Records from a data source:

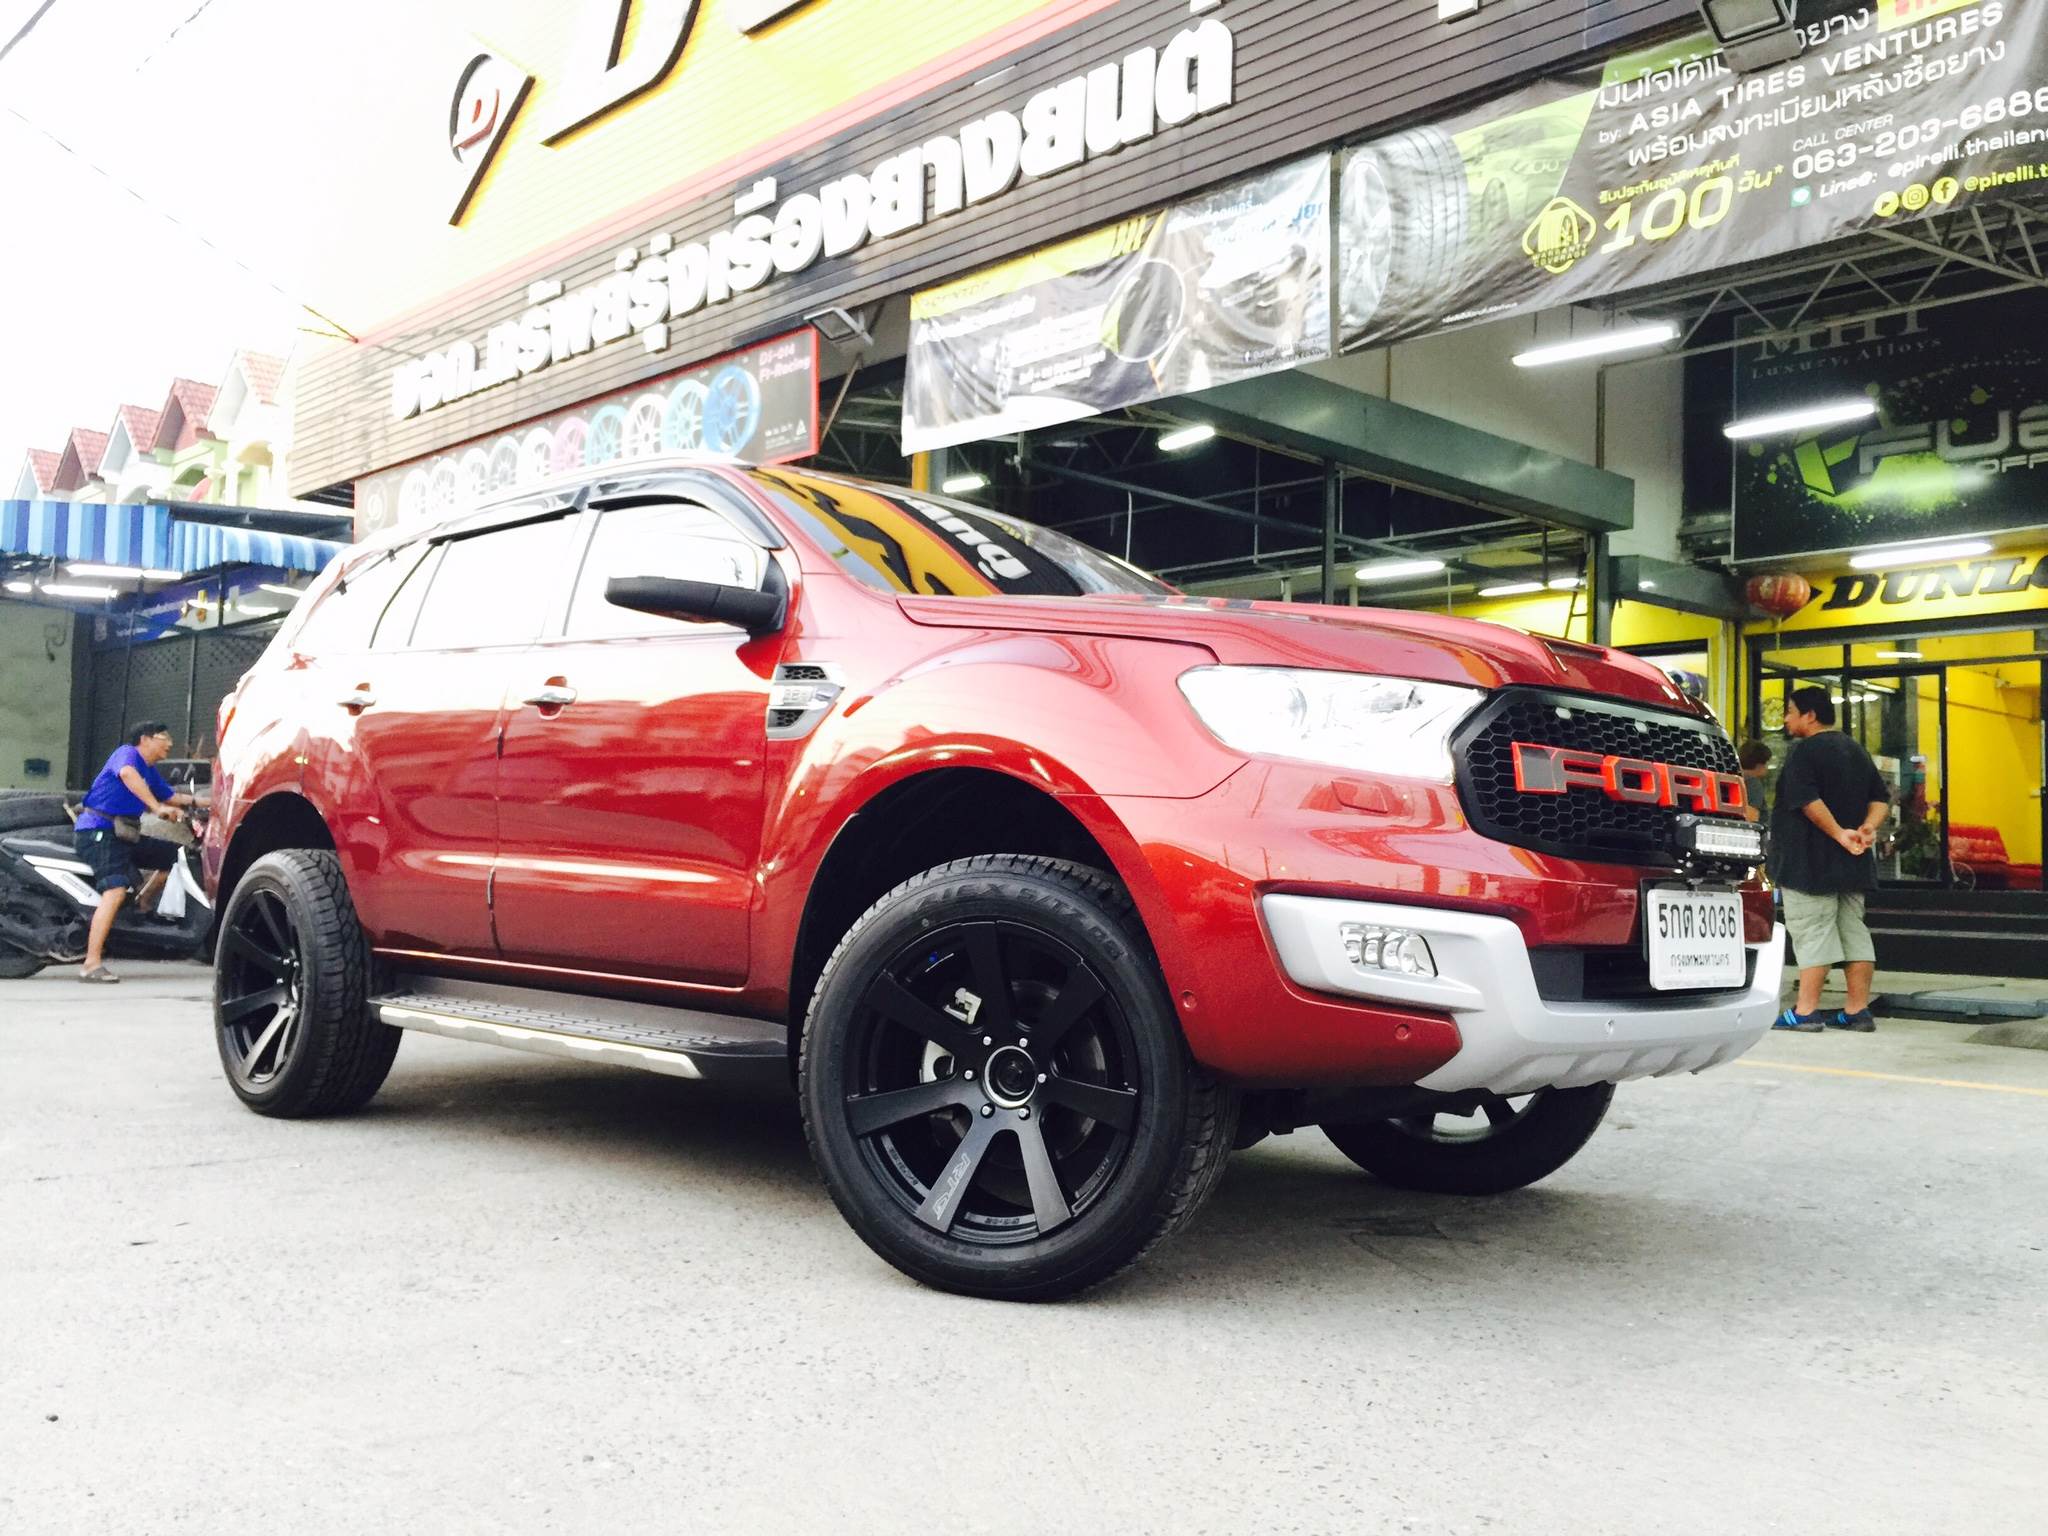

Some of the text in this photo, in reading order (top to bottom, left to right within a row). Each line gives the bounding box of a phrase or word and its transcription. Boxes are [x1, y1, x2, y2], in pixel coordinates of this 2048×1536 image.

[1599, 129, 1622, 144] by:
[1629, 98, 1702, 134] ASIA
[1717, 66, 1805, 109] TIRES
[1821, 4, 2003, 77] VENTURES
[1792, 113, 1894, 152] CALL CENTER
[1888, 127, 2048, 178] @pirelli.thailan
[1601, 176, 1734, 254] 100
[1511, 741, 1750, 821] FORD
[1698, 904, 1736, 938] 3036
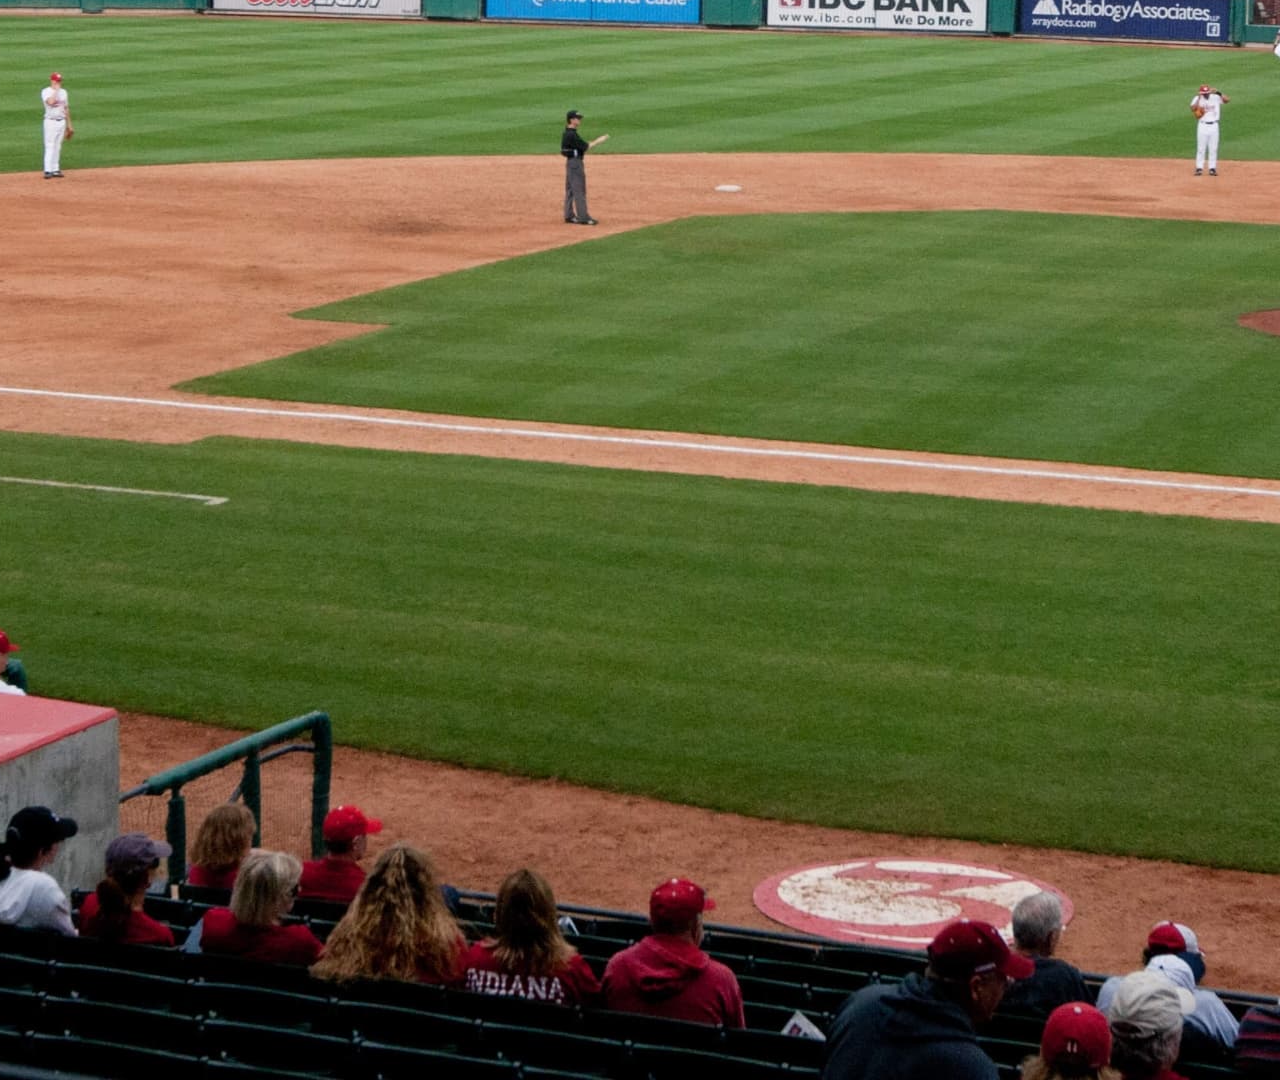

◆ Aim of the task:
Please transcribe every entry above exactly, leaving out any pictures.

◆ Completed task:
Some of the text in this photo, in reading order (top to bottom, left to right within a row). Each line gives the bounding box of a phrase or word and its transcription. Boxes are [x1, y1, x2, y2], in pixel coordinates of this 2048×1536 image.

[1599, 129, 1622, 144] by:
[1629, 98, 1702, 134] ASIA
[1717, 66, 1805, 109] TIRES
[1821, 4, 2003, 77] VENTURES
[1792, 113, 1894, 152] CALL CENTER
[1888, 127, 2048, 178] @pirelli.thailan
[1601, 176, 1734, 254] 100
[1511, 741, 1750, 821] FORD
[1698, 904, 1736, 938] 3036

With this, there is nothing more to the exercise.